Peter Cushing (1989)

Here’s a transcript in which ‘Doctor Who’ isn’t mentioned once, but it’s with a former Doctor and it’s very entertaining. I’ve always felt that it wouldn’t be too hard to get the two Dalek films into the TV show canon, especially with the fob watches that have turned out to be pivotal in the last couple of series, so I definitely count Peter Cushing as a ‘proper Doctor’. So here he is in a long interview with Dick Vosburgh, and while there’s no ‘Doctor Who’, he covers ‘Star Wars’, ‘Sherlock Holmes’, ‘1984’ and the Hammer films. I’ve cut parts out, but the original video is definitely worth watching.

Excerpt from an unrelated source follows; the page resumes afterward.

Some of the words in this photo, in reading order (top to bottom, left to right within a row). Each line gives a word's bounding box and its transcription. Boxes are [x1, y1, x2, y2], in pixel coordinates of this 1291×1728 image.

Q: How did you get into acting?

A: I think as far back as I can remember, I’ve always wanted to be an actor. I was always dressing up and playing Let’s Pretend, and putting on Mother’s hat and so on, I’m sure Freud would have something to say about that. I didn’t know how to go about it, I was writing all these letters and no-one would answer at all, so I went to dea Dad and asked if he could help me get to Hollywood. And he said Yes, my boy, and he produced a ticket for me but it was only one way. And I’ve wondered since if he felt that I would make enough to get back on my own, or if he felt that I wouldn’t get back at all.

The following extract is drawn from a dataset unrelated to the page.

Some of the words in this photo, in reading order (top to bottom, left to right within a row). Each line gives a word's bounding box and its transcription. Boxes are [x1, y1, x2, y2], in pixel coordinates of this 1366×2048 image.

I’d always understood that it was sunny California, and I arrived at the terminal in an absolute downpour. And I had on a tweed suit, being frightfully British of course and whacking great bags, and I walked from downtown Los Angeles to Hollywood, it was a question of economy, and I arrived there at the YMCA and in a very well-rehearased speech I said ‘I have just arrived from England to get into films, I have an Ingersol watch, very cheap but very reliable, worth $16, would you please accept it as security until I’ve got into films to pay?’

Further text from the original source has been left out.